Have I made a good case for moving beyond one book? If not, here’s one more reason: Writers keep on writing. We don’t keep on editing and rewriting. We write.
“What about those first novels told you that they were just ‘practice’?”
Time, distance, growth, and the eyes of a complete stranger. Weeks, months, even years away from a novel can give us the OBJECTIVE view we NEED. I could brush off the dust and open any one of my early manuscripts and look at them with the eyes of a complete stranger. Since it’s been so long and because I’ve grown, I can easily spot all of my many mistakes now—the backstory dumps, lack of tension, plot holes, etc.
If we don’t have the luxury (or patience) for putting our completed manuscripts aside for a time, then we need to find the eyes of a real stranger—someone who can look at our manuscript with a fresh, trained perspective. (And, if our critique partners have read our manuscript too often, they won’t be a stranger to it anymore than we are.)
“Any chance those early novels can be salvaged?”
Any novel is salvageable. With the right amount of work and dedication. And perhaps major rewriting.

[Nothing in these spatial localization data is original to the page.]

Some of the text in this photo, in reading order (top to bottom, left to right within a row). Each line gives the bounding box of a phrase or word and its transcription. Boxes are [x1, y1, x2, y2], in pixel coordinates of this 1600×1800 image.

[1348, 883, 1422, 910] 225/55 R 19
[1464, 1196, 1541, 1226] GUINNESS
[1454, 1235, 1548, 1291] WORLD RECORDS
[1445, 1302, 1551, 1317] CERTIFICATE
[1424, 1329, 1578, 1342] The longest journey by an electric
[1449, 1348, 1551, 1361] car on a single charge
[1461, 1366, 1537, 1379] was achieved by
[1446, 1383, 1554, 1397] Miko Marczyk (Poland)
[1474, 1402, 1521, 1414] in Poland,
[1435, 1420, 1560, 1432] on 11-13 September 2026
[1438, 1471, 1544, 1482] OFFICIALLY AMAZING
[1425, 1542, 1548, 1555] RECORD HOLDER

In my case, I’ve learned so much over the years about the craft of writing and what goes into making a good story, I’d have to start each of those five books over, completely from scratch, reworking goals, motivations, plots, character development etc. I personally don’t love any of those story ideas well enough to do that. As I said before, I’ve got other ideas demanding my attention.

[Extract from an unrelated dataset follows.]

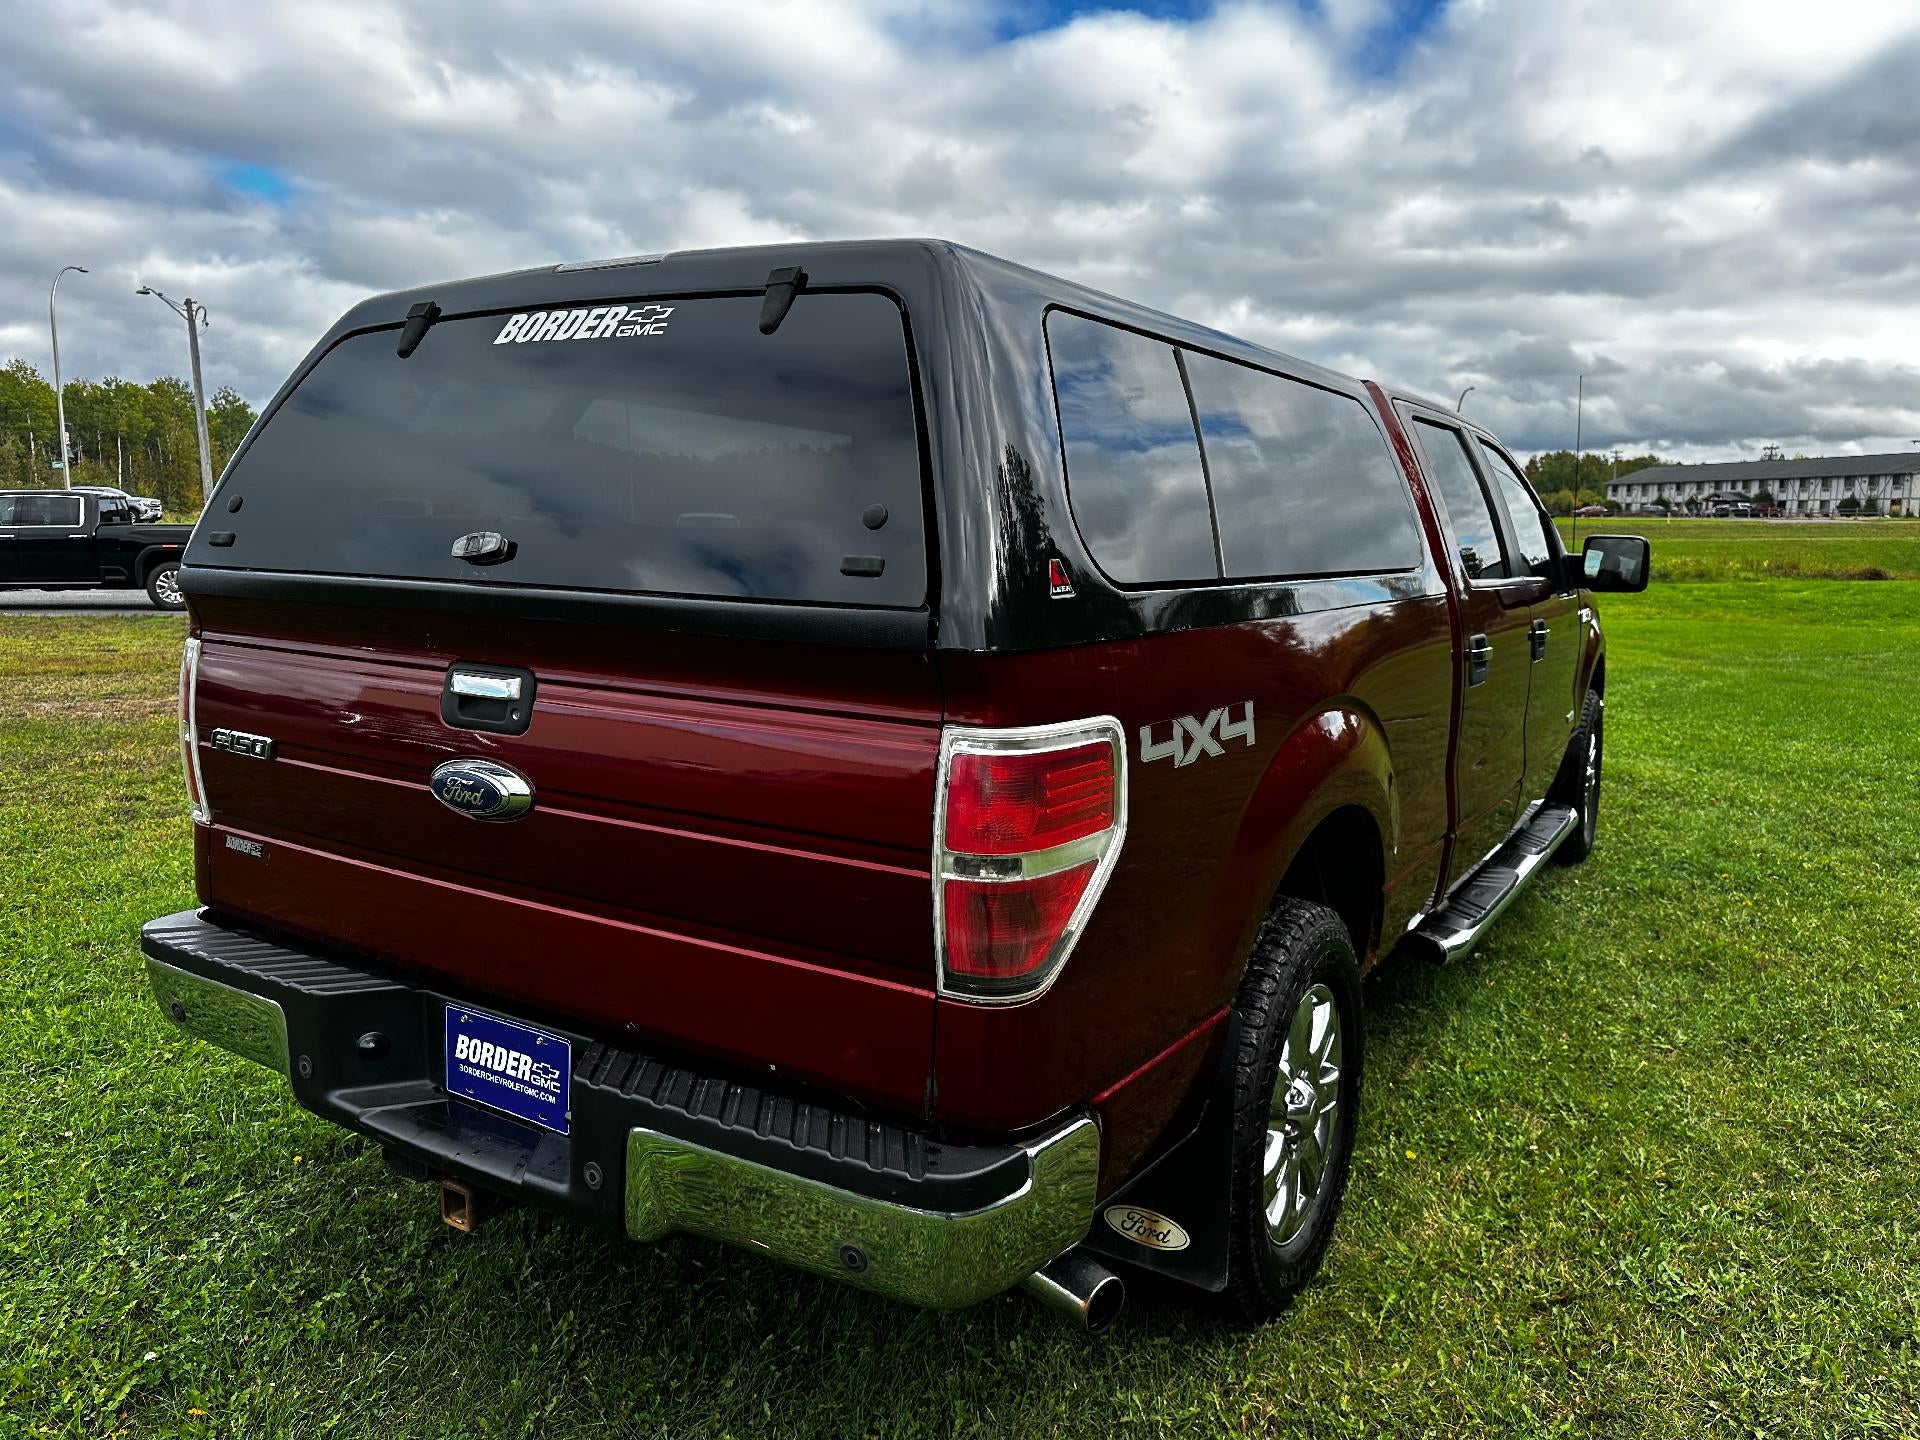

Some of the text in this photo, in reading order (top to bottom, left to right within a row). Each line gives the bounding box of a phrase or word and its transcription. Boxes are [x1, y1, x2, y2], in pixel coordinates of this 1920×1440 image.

“I'm just trying to wrap my head around the idea of investing so much time and energy into something and then putting it aside.”
Any time we’re learning a new skill we need to expect that our early attempts may just be for practice. Whether it’s drawing or cake decorating or whatever. We wouldn’t expect to sell the first sketch or the first few cakes we attempt. In fact, we’d likely take lots of time to perfect our skill before thinking we were ready to go into business for ourselves.
And writing for publication is no different. We’re going into business—we’re literally self-employed. We can’t expect a paycheck if the work isn’t saleable. And getting to the point where our writing is ready takes lots of practice, learning from our mistakes, and often setting those first attempts aside.
What about you? How do you determine when your novel is for practice? When do you decide to salvage a book? How do you know when it’s time to move on?